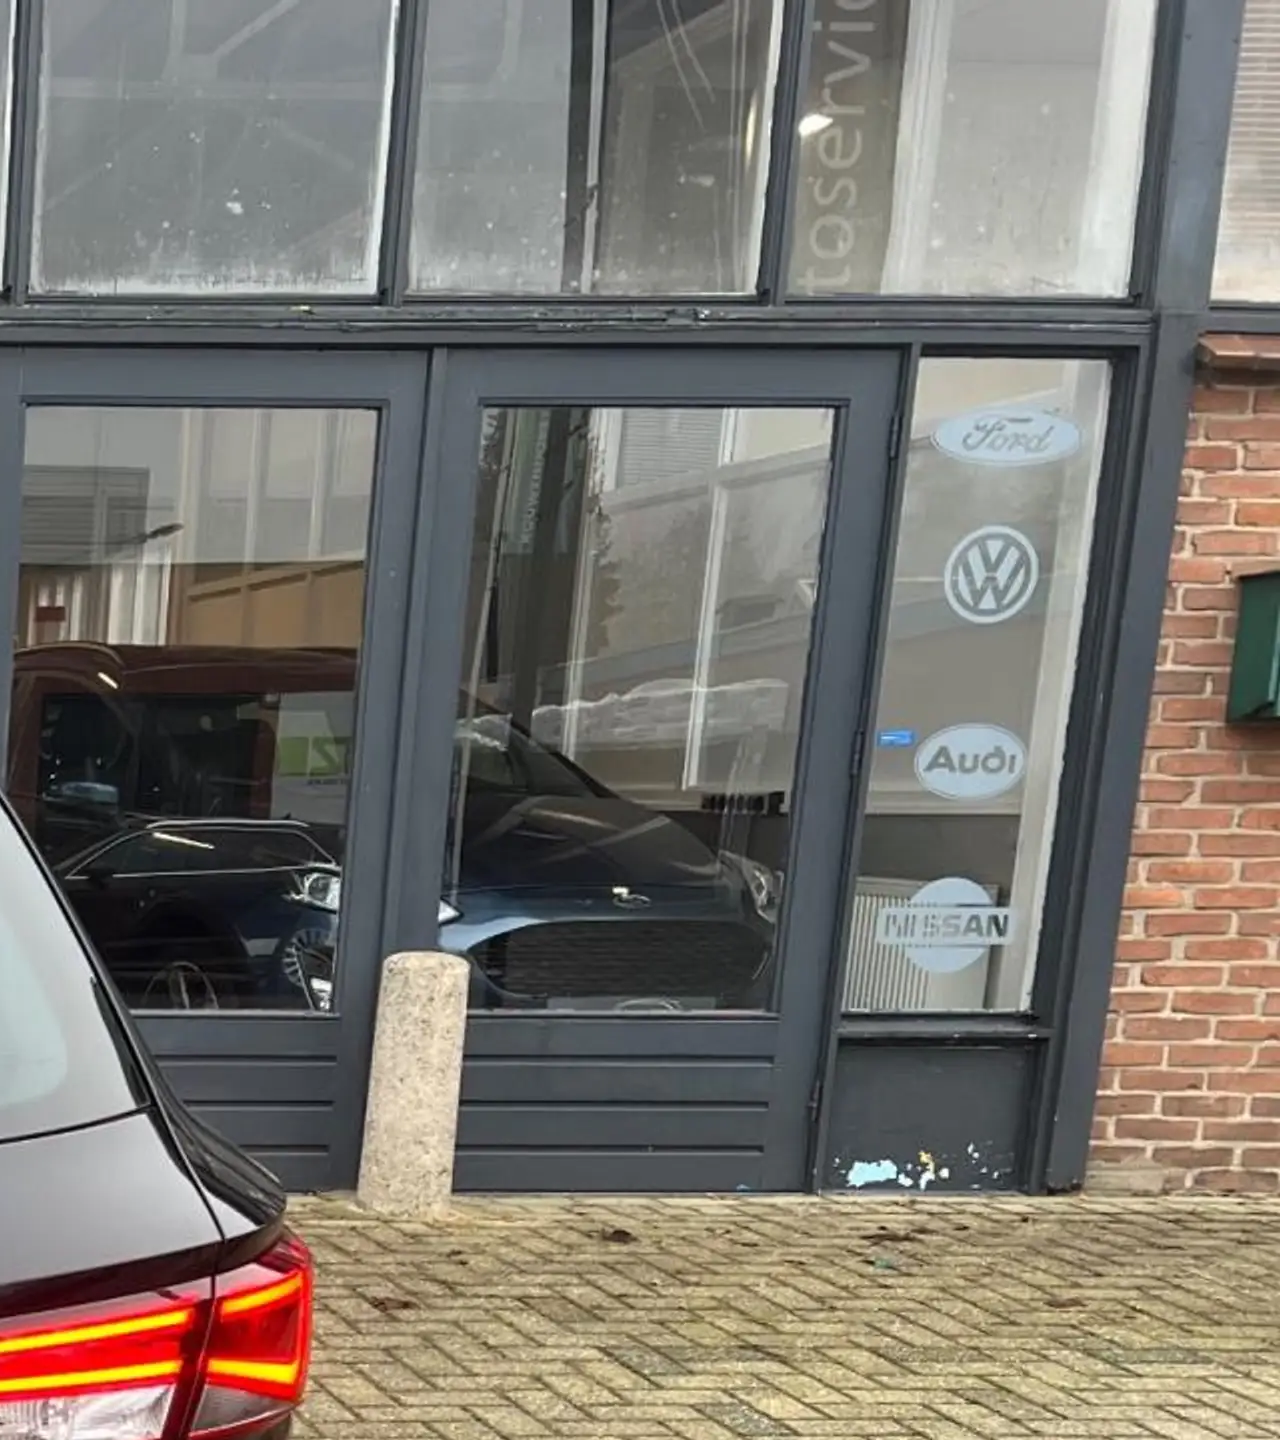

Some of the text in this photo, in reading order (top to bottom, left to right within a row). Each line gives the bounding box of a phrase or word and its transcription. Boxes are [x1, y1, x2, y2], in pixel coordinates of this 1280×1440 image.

[962, 416, 1055, 453] Ford
[923, 744, 1018, 775] Audi
[883, 913, 1010, 939] NISSAN
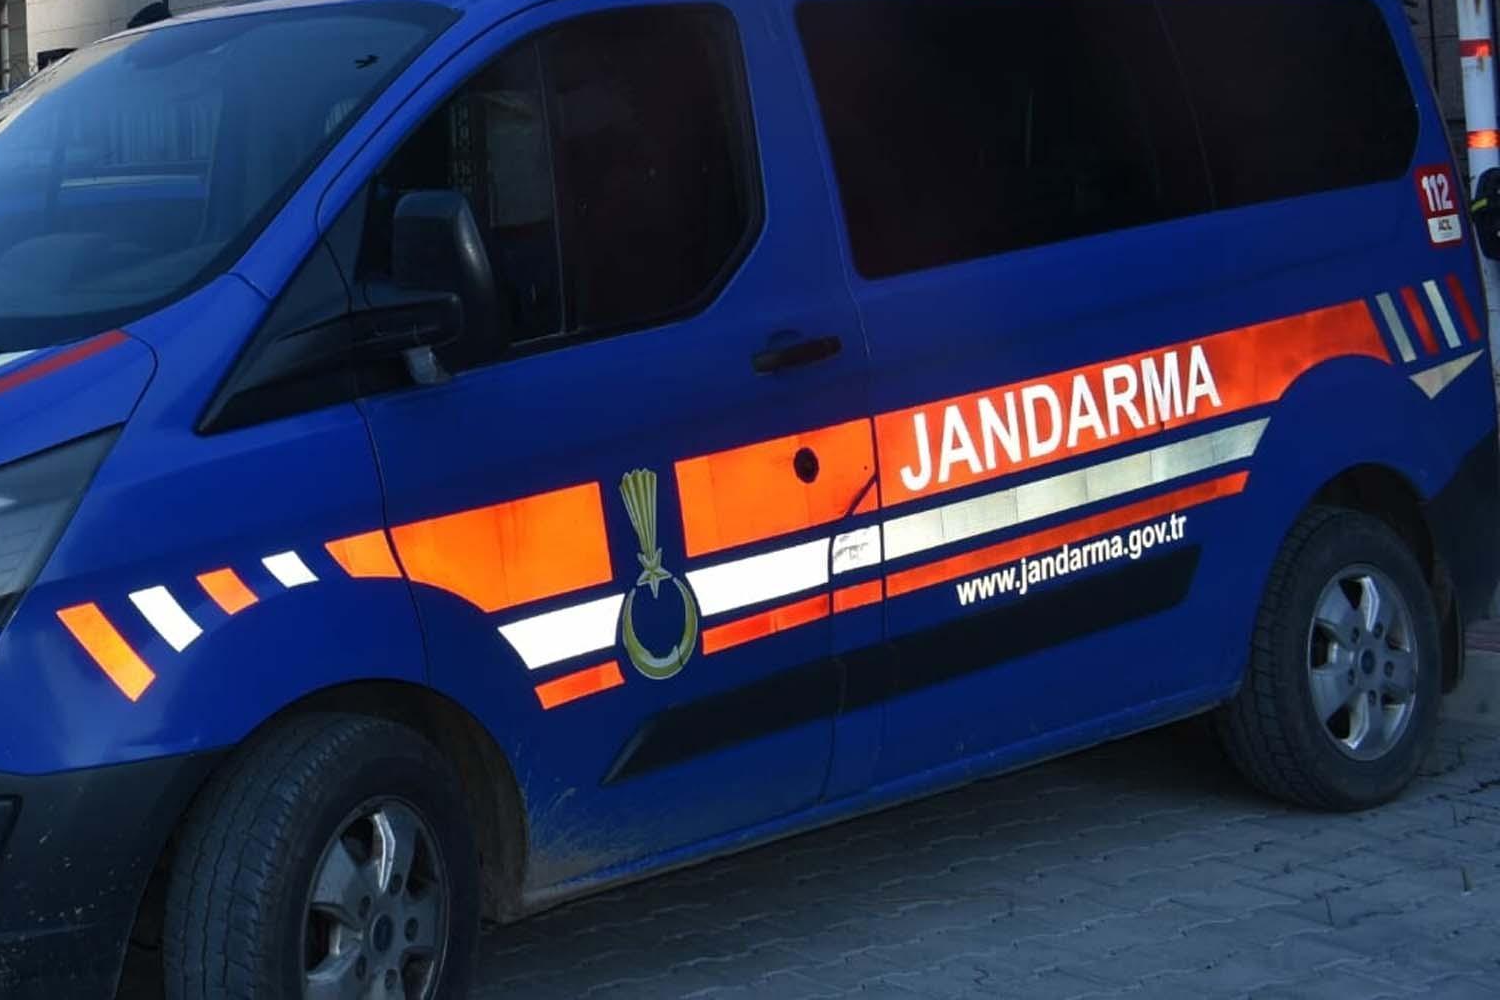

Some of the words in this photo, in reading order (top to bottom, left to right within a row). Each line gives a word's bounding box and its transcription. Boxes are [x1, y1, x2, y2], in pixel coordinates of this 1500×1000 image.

[1421, 173, 1454, 212] 112
[900, 344, 1223, 492] JANDARMA
[956, 513, 1188, 605] www.jandarma.gov.tr
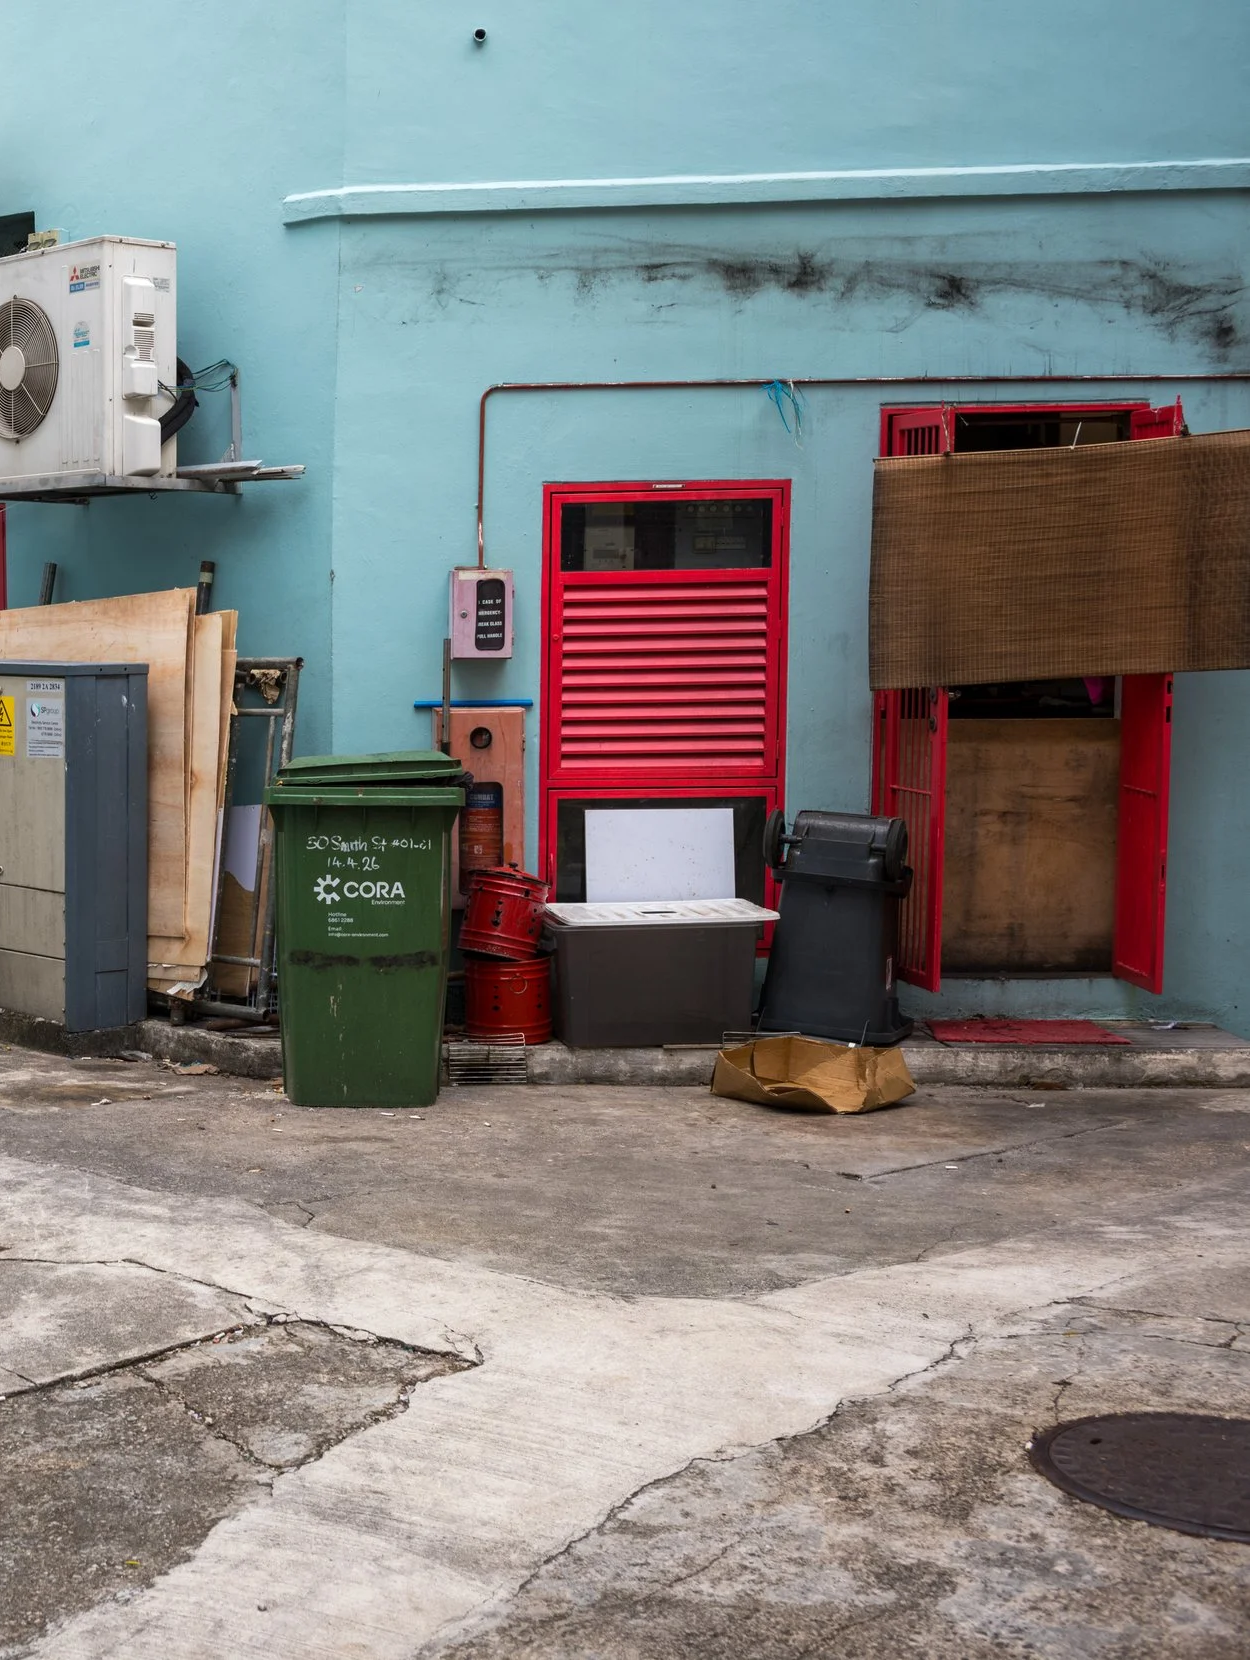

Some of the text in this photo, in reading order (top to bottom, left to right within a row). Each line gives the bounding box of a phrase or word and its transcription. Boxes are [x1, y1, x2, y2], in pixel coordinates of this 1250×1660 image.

[80, 265, 100, 274] MITSUBISHI
[80, 271, 97, 279] ELECTRIC
[343, 881, 406, 898] CORA
#####
» **ABOUT THIS EXERCISE**
Please repeat every record exactly as it stands, leaving out any pictures.

» **ANSWER TO THIS EXERCISE**
Some of the text in this photo, in reading order (top to bottom, left to right within a row). Each line gives the bounding box of a phrase or word and its transcription. Boxes are [x1, y1, x2, y2], in pixel coordinates of this 1280×1440 image.

[962, 416, 1055, 453] Ford
[923, 744, 1018, 775] Audi
[883, 913, 1010, 939] NISSAN

Some of the words in this photo, in reading order (top to bottom, left to right within a row). Each line gives a word's bounding box and its transcription. Boxes are [x1, y1, x2, y2], in pixel coordinates of this 1500×1000 image.

[1421, 173, 1454, 212] 112
[900, 344, 1223, 492] JANDARMA
[956, 513, 1188, 605] www.jandarma.gov.tr

Some of the text in this photo, in reading order (top to bottom, left to right within a row). Each line gives the bounding box of a phrase or word and its transcription. Boxes are [x1, y1, x2, y2], in pixel coordinates of this 1250×1660 image.

[80, 265, 100, 274] MITSUBISHI
[80, 271, 97, 279] ELECTRIC
[343, 881, 406, 898] CORA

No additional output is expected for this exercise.